An hour later, Teams Ursa Skype, VeriBear, Osso Bay and Bare Apple got badly lost in the mountain. Rob hit a pothole and broke a rear wheel strut. He picked a lush tropical place to do it with a waterfall as background. However, he and Trang were nowhere near a garage. Aravind and the service team were called for help.

At that moment, Aravind and the service team were with Guy and I, Team Samanta Bear, at the welders. Seems our accident on the first day was continuing to haunt us. Yesterday we had the leaky fuel line. Today the whole rickshaw was folding in on itself.

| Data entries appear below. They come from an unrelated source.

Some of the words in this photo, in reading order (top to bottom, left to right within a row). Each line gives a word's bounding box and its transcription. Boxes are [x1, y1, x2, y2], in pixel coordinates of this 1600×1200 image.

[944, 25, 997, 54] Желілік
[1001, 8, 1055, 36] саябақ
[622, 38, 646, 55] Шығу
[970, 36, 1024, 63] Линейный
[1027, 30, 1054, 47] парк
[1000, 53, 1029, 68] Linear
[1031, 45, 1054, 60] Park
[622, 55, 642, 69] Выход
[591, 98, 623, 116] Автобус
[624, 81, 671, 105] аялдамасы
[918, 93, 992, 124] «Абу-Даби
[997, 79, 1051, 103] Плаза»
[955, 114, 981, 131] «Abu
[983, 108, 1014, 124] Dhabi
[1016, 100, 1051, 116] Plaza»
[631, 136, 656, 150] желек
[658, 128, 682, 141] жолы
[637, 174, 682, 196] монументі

A pretty funny site given Guy is so tall and the handle bars were literally in his lap as he drove. So the service team with Karen in the car left us with the welders to go help Rob and Trang. We were at the welders for 2-1/2 hours and figured we were out of the race for the day. After 2-1/2 hours of cutting and banging metal into shape, and welding it into place, the welder was finally done. Final bill…150 rupees (about US$3.25). We tried not to smile too much.

We were on our way, and the day was indeed still young. Just before we got going, 3 other teams were passing us by. Apparently they had been going around and around in the mountain for 2-1/2 hours horribly lost. We all raced off as we knew Oracle of Tuk was taking no prisoners.

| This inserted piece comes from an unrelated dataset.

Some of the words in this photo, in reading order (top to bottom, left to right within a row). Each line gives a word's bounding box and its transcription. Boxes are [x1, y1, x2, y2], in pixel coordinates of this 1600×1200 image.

Today’s road had potholes bigger than our rickshaw and we had a heck of a time getting around them. We kept losing site of the folks in front of us when our engine started to cough and sputter. Guy jumped out, jiggled some wires and fuel lines, and accomplished nothing much. We were at this point only 20 kilometers away, and we coughed and sputtered our way to the finish. The service team told us the next morning the air-filter had completely fallen off the carburetor. They looked at us suspiciously wondering how we even got back. I guess Guy’s jiggling was useful after all.

As most of us relaxed at the hotel, the day had not yet ended for Rob, Trang and Karen. We felt bad for Karen, imagining the day she was having after the morning’s crash and still being up in the mountains. It took 4 hours of Aravind shuttling parts back and forth to Osso Bay’s remote location, with Trang and Karen in the car. It rained hard on them for most of the day. The only bright spot was some of the great food they had at the local stands.

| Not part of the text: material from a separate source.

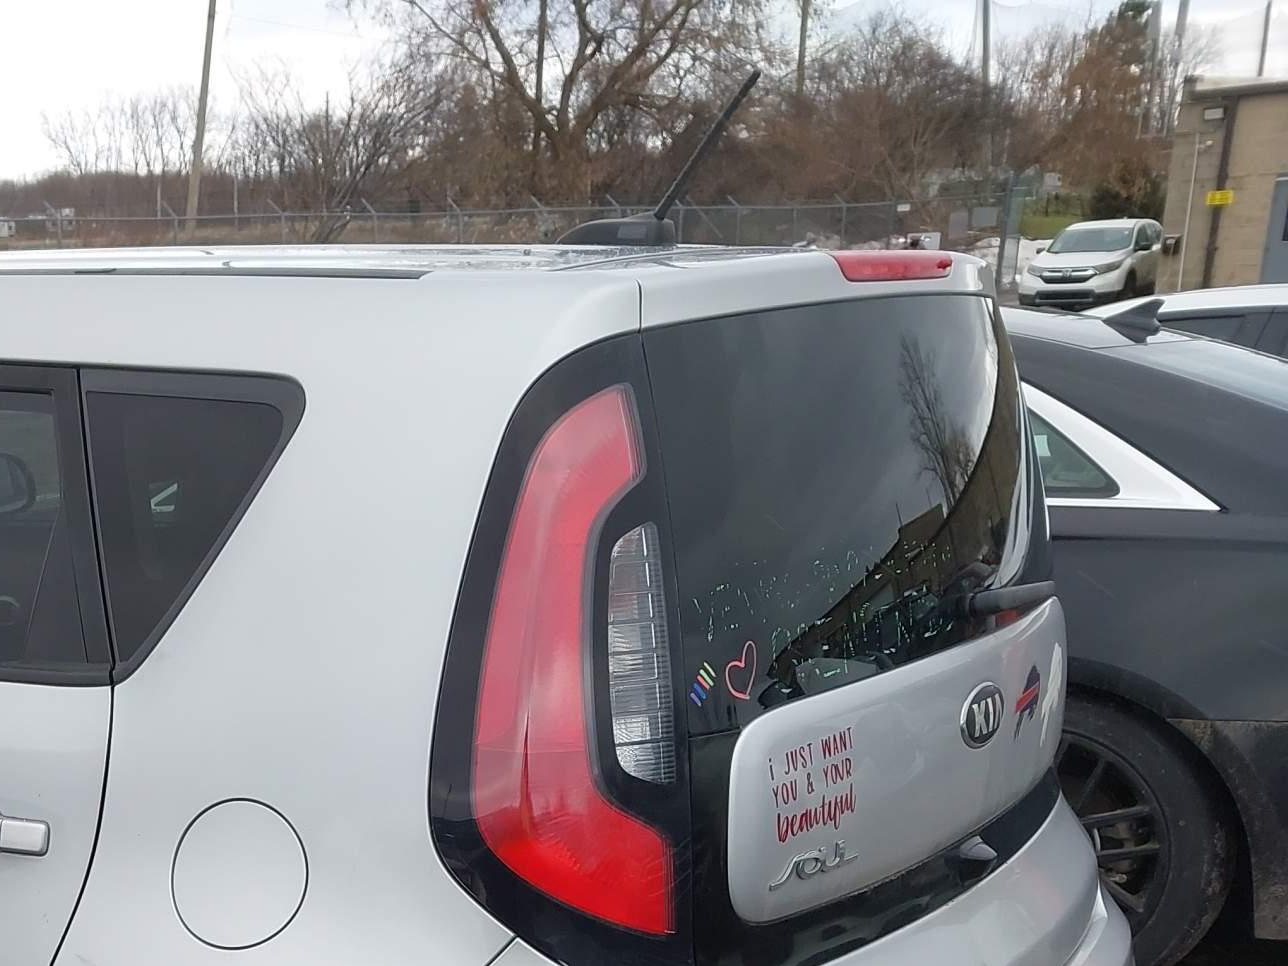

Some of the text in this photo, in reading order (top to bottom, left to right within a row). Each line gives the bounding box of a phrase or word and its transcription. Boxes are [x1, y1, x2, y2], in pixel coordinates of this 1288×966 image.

[784, 742, 814, 775] JUST
[820, 726, 853, 760] WANT
[772, 757, 852, 809] YOU & YOUR
[776, 782, 857, 844] beautiful

At about 8:30 pm, they were finally on their way back. It being very dark outside, Rob was having a hard time maneuvering around the gigantic potholes. With the chase car behind them, Rob and Trang hit one of the craters and flipped their car. Karen and Aravind witnessed the whole thing and were there in minutes. Now, Rob and Trang were just as banged up as Xavier and Karen. At this point, the rickshaw was towed to the hotel, and Rob, Trang and Karen did not make home till 11 pm. Luckily, everyone was okay.

The amazing thing about the auto-rickshaw is that it is an iconic workhorse. They break down all the time, but are repaired within hours if not minutes. And I must say, I am starting to even feel comfortable in mine. But the rickshaw is really meant for shuttling people around congested cities, and not for cross-country mini-rallies. That is what makes it a challenge.

The other amazing thing that becomes apparent is that in spite of the insanity of the traffic and especially the bus drivers, there is a rhythm to driving in India. All of our incidents were really caused by our own faulty brakes, inexperience or hitting standing objects and obstacles. Not by the “insane” Indian drivers. They are extremely good drivers and would put most of us to shame.

But I digress. Although a long and difficult day, we ended up at a hotel / meditation center. A great place I had picked out a long time ago with a bit of a chuckle. We were a bit out of place in our muddy, dirty clothes, and loudly sputtering tuktuk, while the other guests were walking around in pure white pants and robes. That said, it was a really nice place, and quite a few of the challengers took advantage of the full body massage. A bit fuller than most of us are used to.

Today was a day for the Oracle of Tuk as they arrived having had no breakdowns and had not gotten lost. They arrived hours before anyone else. The rest of us straggled in the following order: Oracle of Tuk, Ursa Skype, Bare Apple, Symanta Bear, VeriBear, AutoBear and Osso Bay.